Records excerpted from a collection:

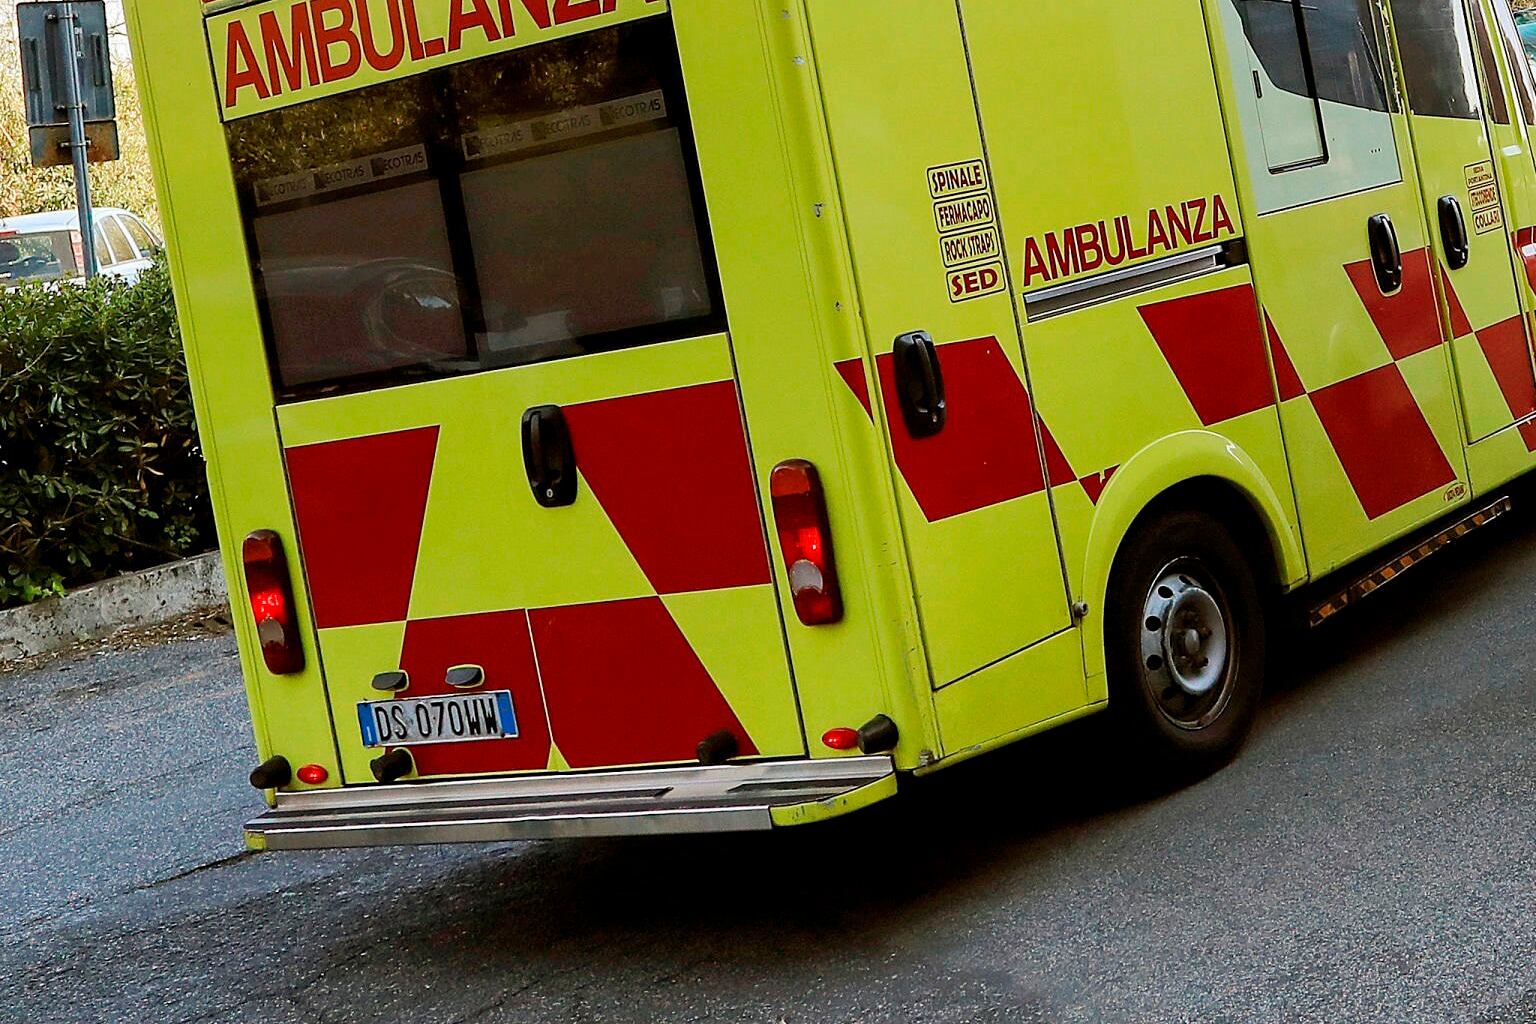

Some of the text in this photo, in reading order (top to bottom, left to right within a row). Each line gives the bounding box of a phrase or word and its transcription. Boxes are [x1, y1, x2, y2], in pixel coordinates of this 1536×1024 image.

[931, 165, 983, 193] SPINALE
[938, 198, 990, 227] FERMACAPO
[1475, 210, 1500, 229] COLLARI
[944, 232, 995, 262] ROCK STRAPS
[1023, 194, 1235, 286] AMBULANZA
[951, 268, 998, 297] SED
[374, 705, 408, 741] DS

• _About this exercise_:
Copy each line above precisely, dropping the pictures.

• _Answer space_:
Some of the text in this photo, in reading order (top to bottom, left to right within a row). Each line gives the bounding box of a phrase or word and its transcription. Boxes are [x1, y1, x2, y2], in pixel coordinates of this 1536×1024 image.

[931, 165, 983, 193] SPINALE
[938, 198, 990, 227] FERMACAPO
[1475, 210, 1500, 229] COLLARI
[944, 232, 995, 262] ROCK STRAPS
[1023, 194, 1235, 286] AMBULANZA
[951, 268, 998, 297] SED
[374, 705, 408, 741] DS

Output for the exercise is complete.